Gemäß § 29 Abs. 1 Nr. 5 AsylG (geltende Rechtslage seit Inkrafttreten des Integrationsgesetzes zum 6. August 2016 (BGBl. 2016 I 1939)) stellt sich die Ablehnung der Durchführung eines weiteren Asylverfahrens gemäß § 71 AsylG – hier durch Ziffer 1 des streitgegenständlichen Bescheides – als Entscheidung über die Unzulässigkeit eines Asylantrages dar, welche mit der Anfechtungsklage anzugreifen ist (BVerwG, U.v. 14.12.2016, 1 C 4.16, juris, Rn. 15 ff.).
Die zulässige Anfechtungsklage gegen Ziffer 1 des Bundesamtsbescheides ist jedoch unbegründet. Denn der Bescheid des Bundesamtes vom 26. März 2020 ist insoweit rechtmäßig und verletzt den Kläger nicht in eigenen Rechten, § 113 Abs. 1 Satz 1 VwGO. Das Bundesamt hat den Folgeantrag zu Recht als unzulässig abgelehnt, weil die Voraussetzungen des § 51 Abs. 1 bis 3 VwVfG für die Durchführung eines weiteren Asylverfahrens nicht vorliegen (§§ 29 Abs. 1 Nr. 5, 71 Abs. 1 Satz 1 AsylG).
Gemäß § 71 Abs. 1 AsylG hat der Antragsteller einen Anspruch auf Durchführung eines weiteren Asylverfahrens, wenn die Voraussetzungen des § 51 Abs. 1 bis 3 VwVfG vorliegen.
So muss sich gemäß § 51 Abs. 1 VwVfG die Sach- oder Rechtslage nachträglich zugunsten des Betroffenen geändert haben (Nr. 1) oder neue Beweismittel, die eine für den Betroffenen günstigere Entscheidung bedingen, (Nr. 2) oder Wiederaufnahmegründe nach § 580 ZPO vorliegen (Nr. 3)
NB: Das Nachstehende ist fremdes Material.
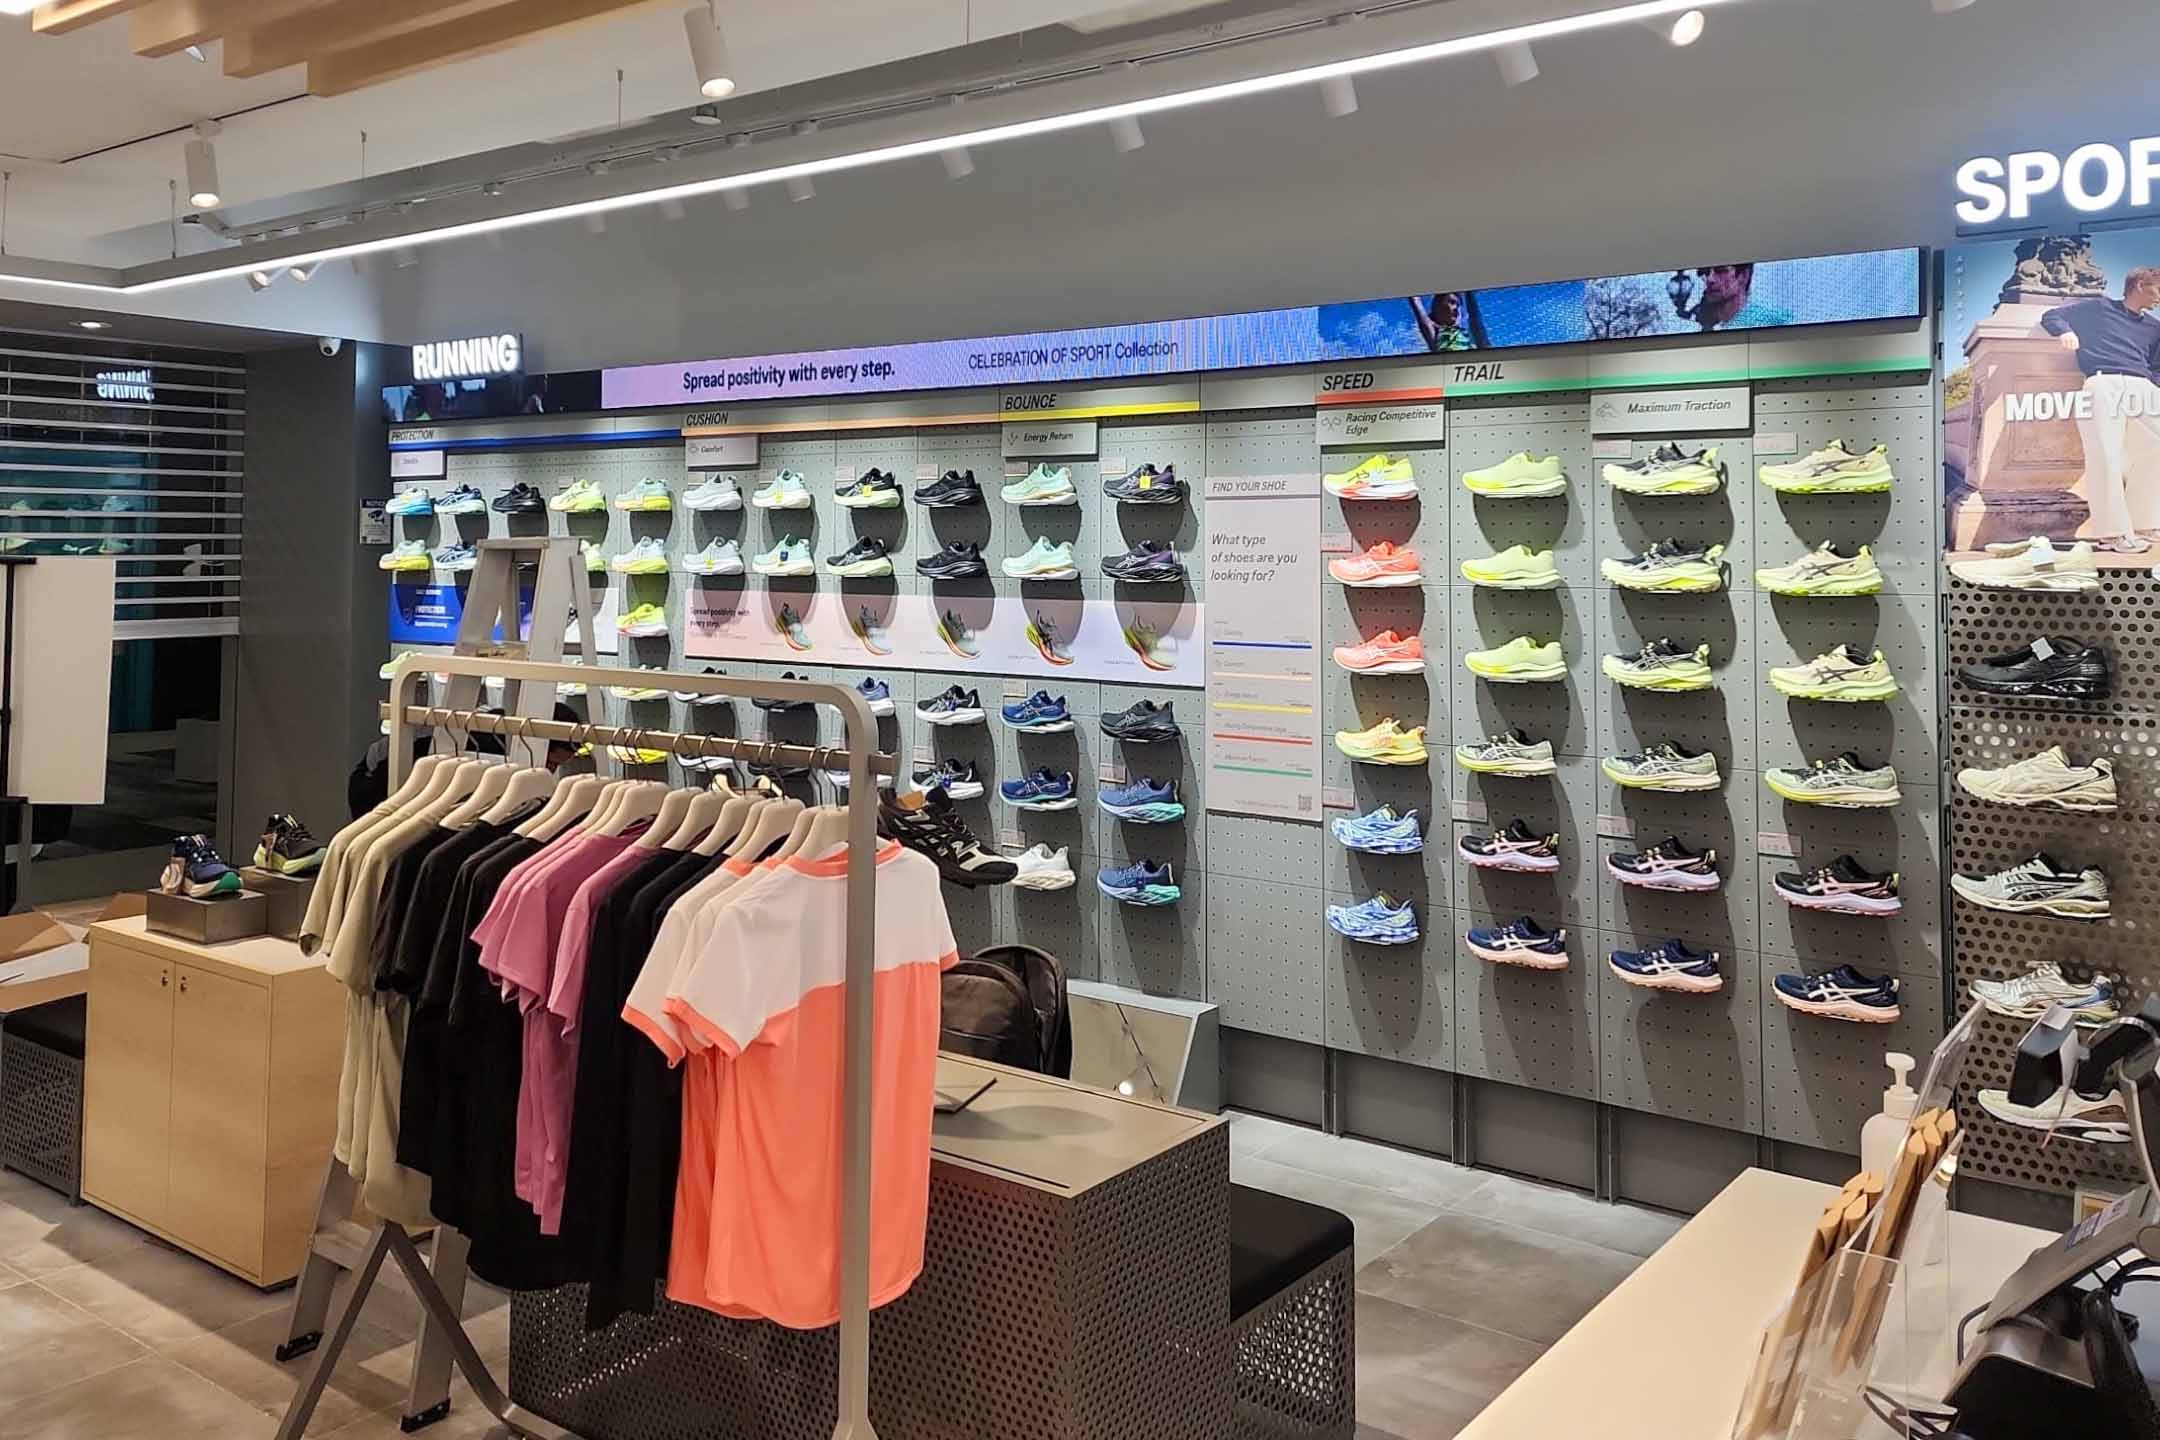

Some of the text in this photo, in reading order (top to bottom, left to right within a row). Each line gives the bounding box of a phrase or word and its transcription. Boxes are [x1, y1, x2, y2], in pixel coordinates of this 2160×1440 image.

[412, 334, 519, 380] RUNNING
[968, 341, 1179, 369] CELEBRATION OF SPORT Collection
[683, 360, 896, 393] Spread positivity with every step.
[1454, 363, 1505, 383] TRAIL
[1322, 372, 1375, 391] SPEED
[1005, 394, 1057, 410] BOUNCE
[1627, 399, 1731, 414] Maximum Traction
[2005, 390, 2094, 422] MOVE
[686, 412, 729, 426] CUSHION
[1345, 409, 1437, 424] Racing Competitive
[391, 429, 434, 441] PROTECTION
[1023, 431, 1074, 444] Energy Return
[1345, 425, 1369, 437] Edge
[1212, 480, 1288, 493] FIND YOUR SHOE
[1212, 533, 1267, 548] What type
[1211, 551, 1298, 566] of shoes are you
[1210, 568, 1275, 584] looking for?
Zudem ist der Antrag gemäß § 51 Abs. 2 VwVfG nur zulässig, wenn der Betroffene ohne grobes Verschulden außerstande war, den Grund für das Wiederaufgreifen in dem früheren Verfahren, insbesondere durch Rechtsbehelf, geltend zu machen. Darüber hinaus muss der Antrag binnen drei Monaten nach Kenntniserlangung von dem Wiederaufgreifensgrund gestellt werden, § 51 Abs. 3 VwVfG. Gemäß § 51 Abs. 3 Satz 2 VwVfG beginnt die Frist mit dem Tage, an dem der Betroffene von dem Grund für das Wiederaufgreifen Kenntnis erhalten hat.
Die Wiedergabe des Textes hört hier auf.